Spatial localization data
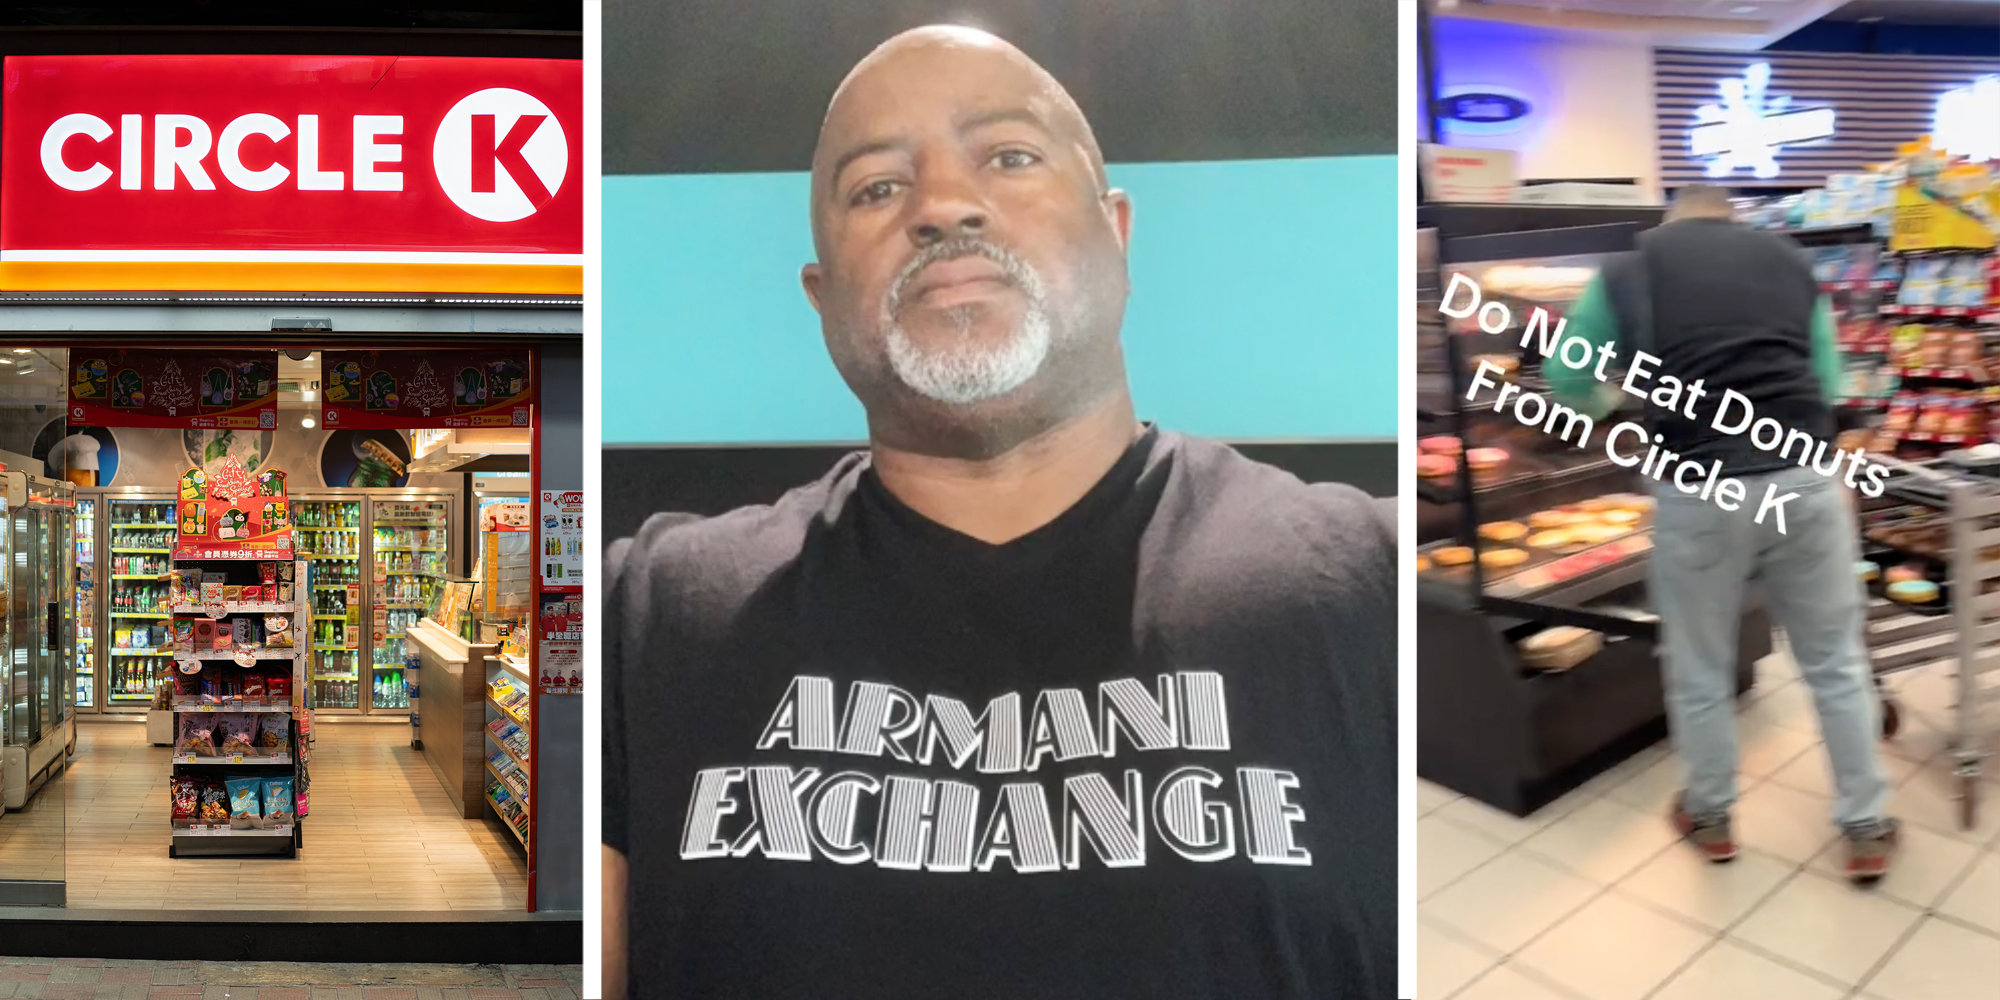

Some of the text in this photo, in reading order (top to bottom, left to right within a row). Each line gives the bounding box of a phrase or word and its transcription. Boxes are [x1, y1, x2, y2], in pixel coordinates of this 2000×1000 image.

[40, 112, 404, 192] CIRCLE
[160, 371, 183, 387] Gift
[221, 466, 242, 480] Gift
[755, 671, 1230, 773] ARMANI
[680, 765, 1312, 872] EXCHANGE
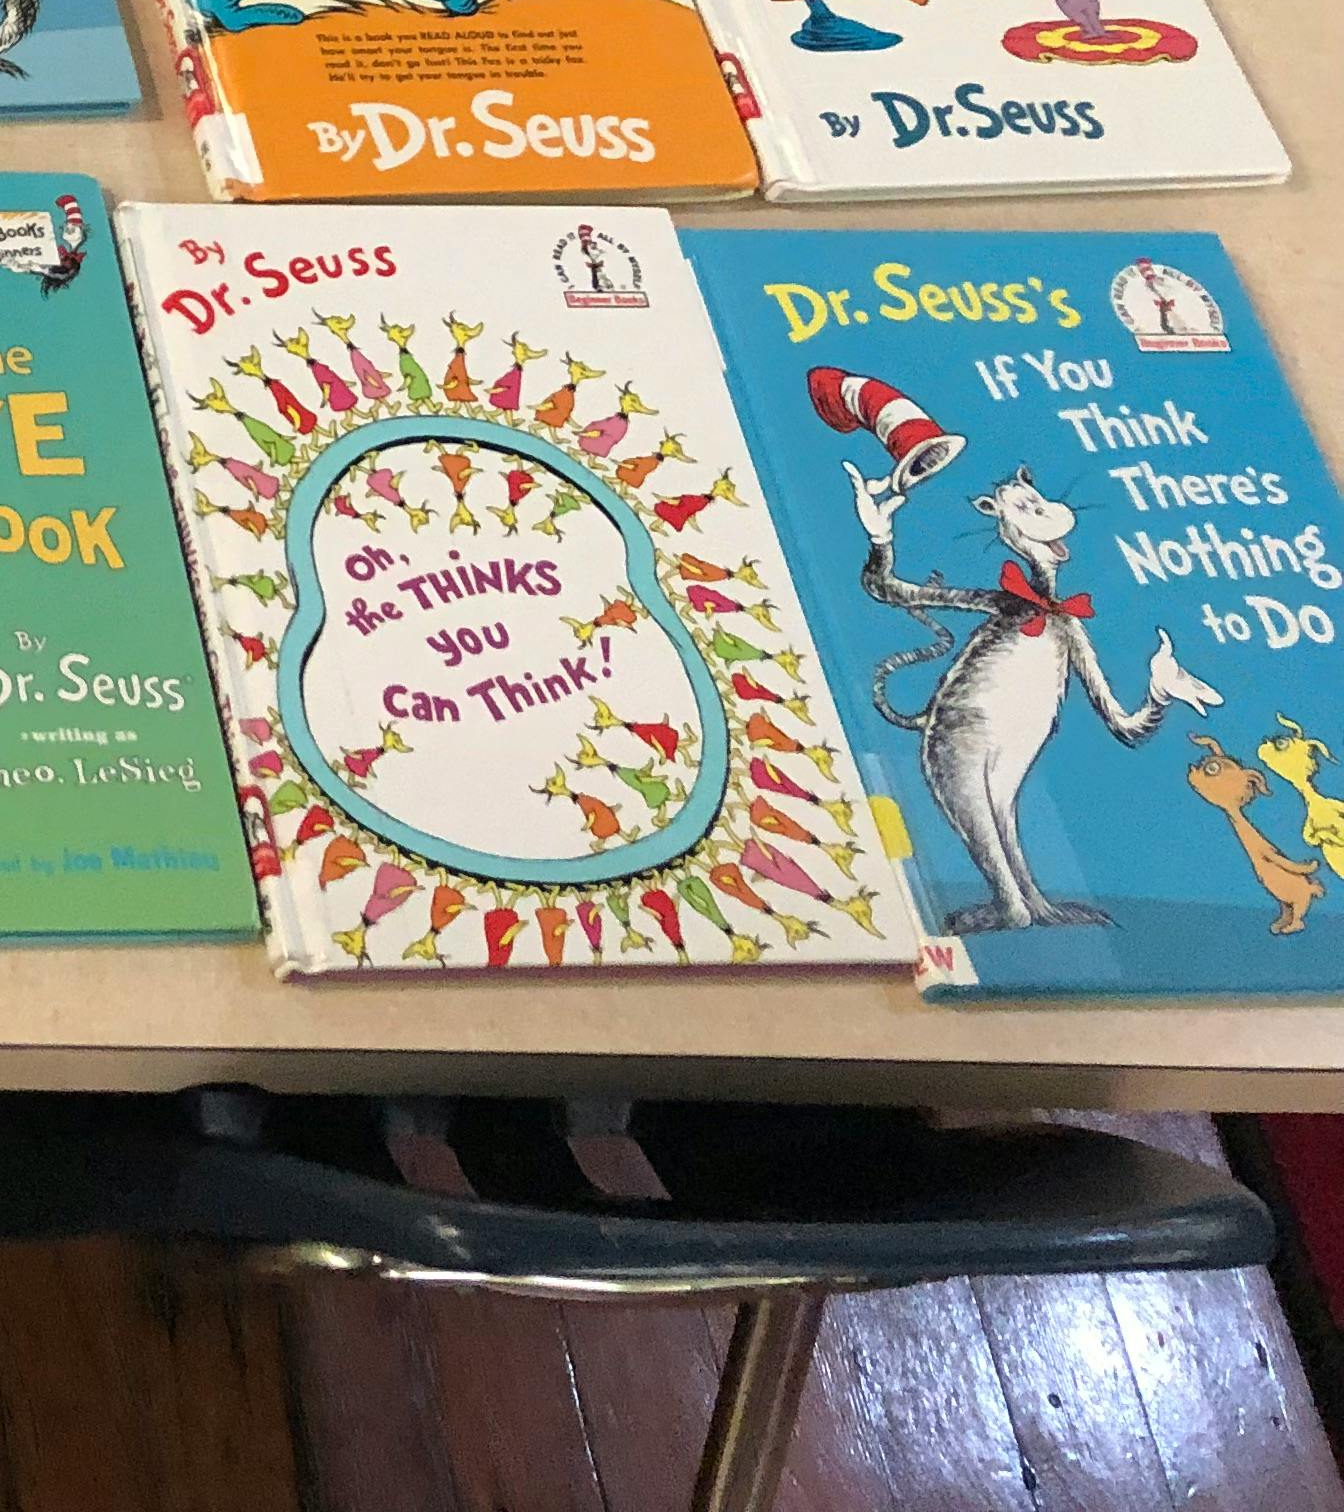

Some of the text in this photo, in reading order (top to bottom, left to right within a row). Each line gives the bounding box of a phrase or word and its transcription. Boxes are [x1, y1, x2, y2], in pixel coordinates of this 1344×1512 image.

[179, 238, 226, 269] By
[161, 241, 399, 337] Dr. Seuss
[763, 281, 868, 344] Dr.
[873, 261, 1083, 330] Seuss's
[974, 349, 1113, 402] If You
[1058, 399, 1210, 453] Think
[1108, 465, 1289, 513] There's
[344, 544, 412, 584] Oh,
[1115, 523, 1342, 592] Nothing
[14, 631, 47, 653] By
[344, 595, 404, 638] the
[1203, 595, 1335, 650] to Do
[427, 621, 512, 668] you
[57, 653, 185, 711] Seuss
[381, 636, 613, 725] Can Think!
[73, 757, 201, 792] LeSieg
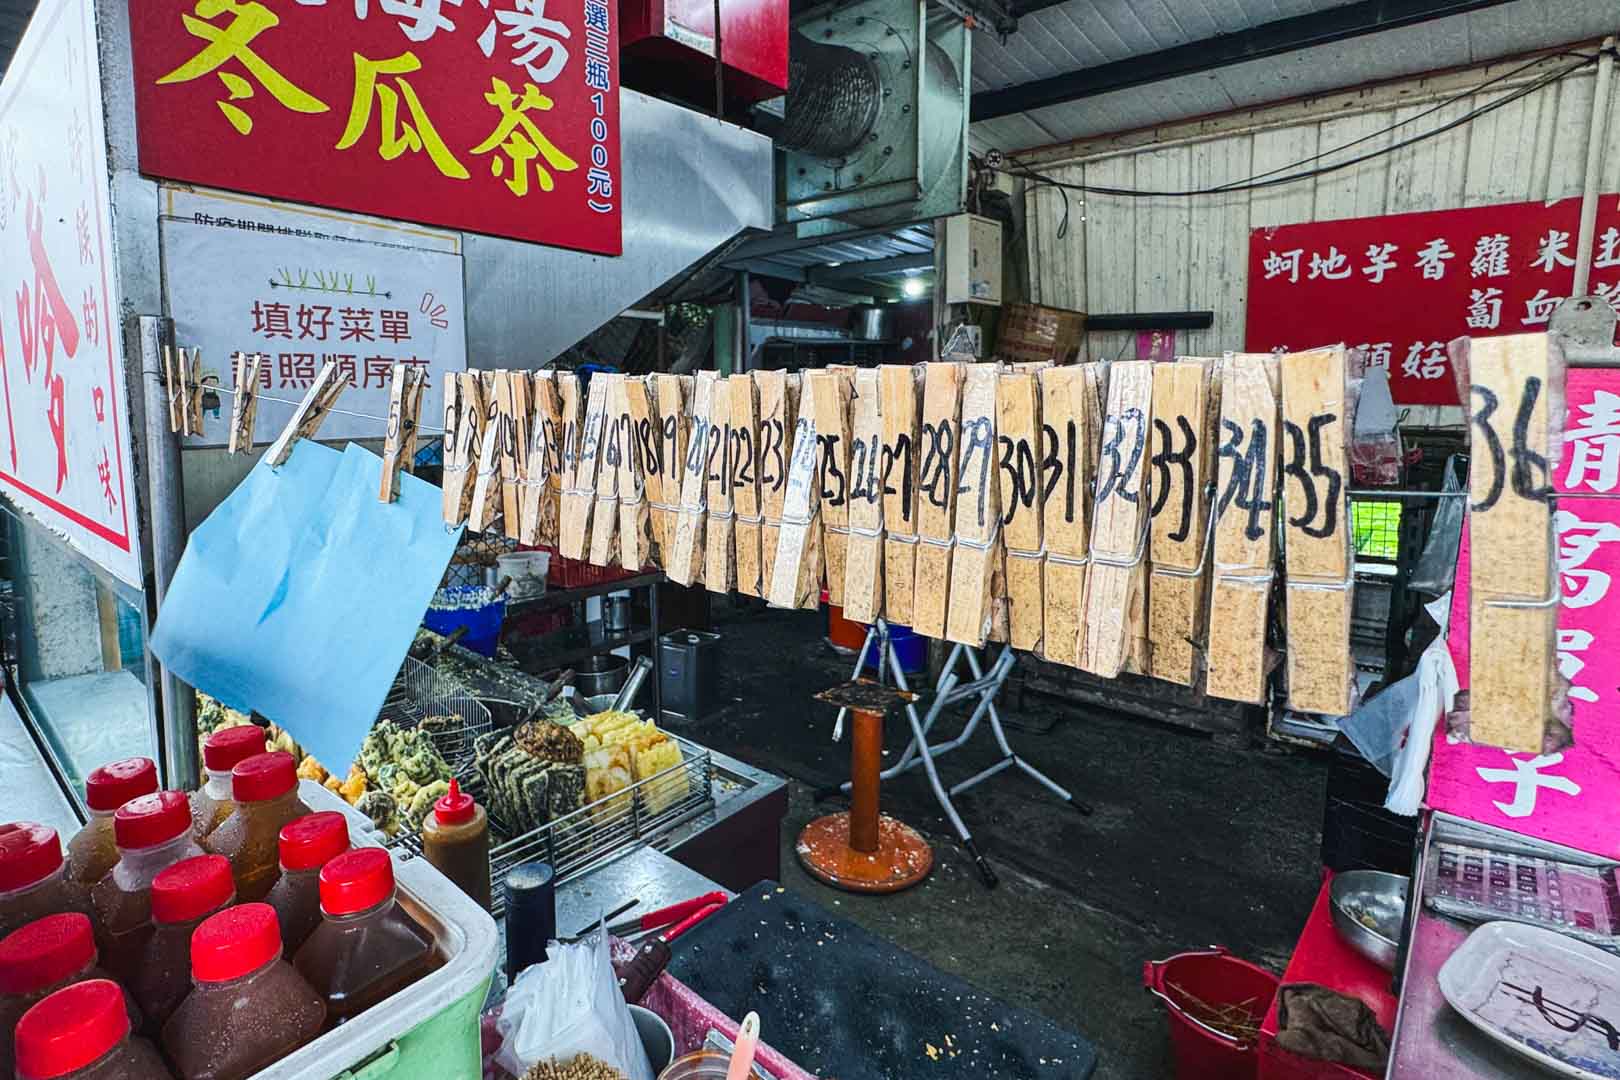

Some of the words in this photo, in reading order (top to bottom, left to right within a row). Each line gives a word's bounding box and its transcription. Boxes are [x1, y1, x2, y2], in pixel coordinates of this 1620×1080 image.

__Work to complete__:
Retype the lines exactly as they appear, beginning with the line that contains "this 1344×1512 image." and ending with the final line of the entries, and omit the pictures.

__Response to the exercise__:
Some of the text in this photo, in reading order (top to bottom, left to right within a row). Each line gives the bounding box of a phrase or word and its transcription. Boxes are [x1, y1, x2, y2], in pixel coordinates of this 1344×1512 image.

[179, 238, 226, 269] By
[161, 241, 399, 337] Dr. Seuss
[763, 281, 868, 344] Dr.
[873, 261, 1083, 330] Seuss's
[974, 349, 1113, 402] If You
[1058, 399, 1210, 453] Think
[1108, 465, 1289, 513] There's
[344, 544, 412, 584] Oh,
[1115, 523, 1342, 592] Nothing
[14, 631, 47, 653] By
[344, 595, 404, 638] the
[1203, 595, 1335, 650] to Do
[427, 621, 512, 668] you
[57, 653, 185, 711] Seuss
[381, 636, 613, 725] Can Think!
[73, 757, 201, 792] LeSieg

Some of the words in this photo, in reading order (top to bottom, left to right within a row). Each line gives a word's bounding box and its transcription. Boxes are [x1, y1, x2, y2], in pixel coordinates of this 1620×1080 image.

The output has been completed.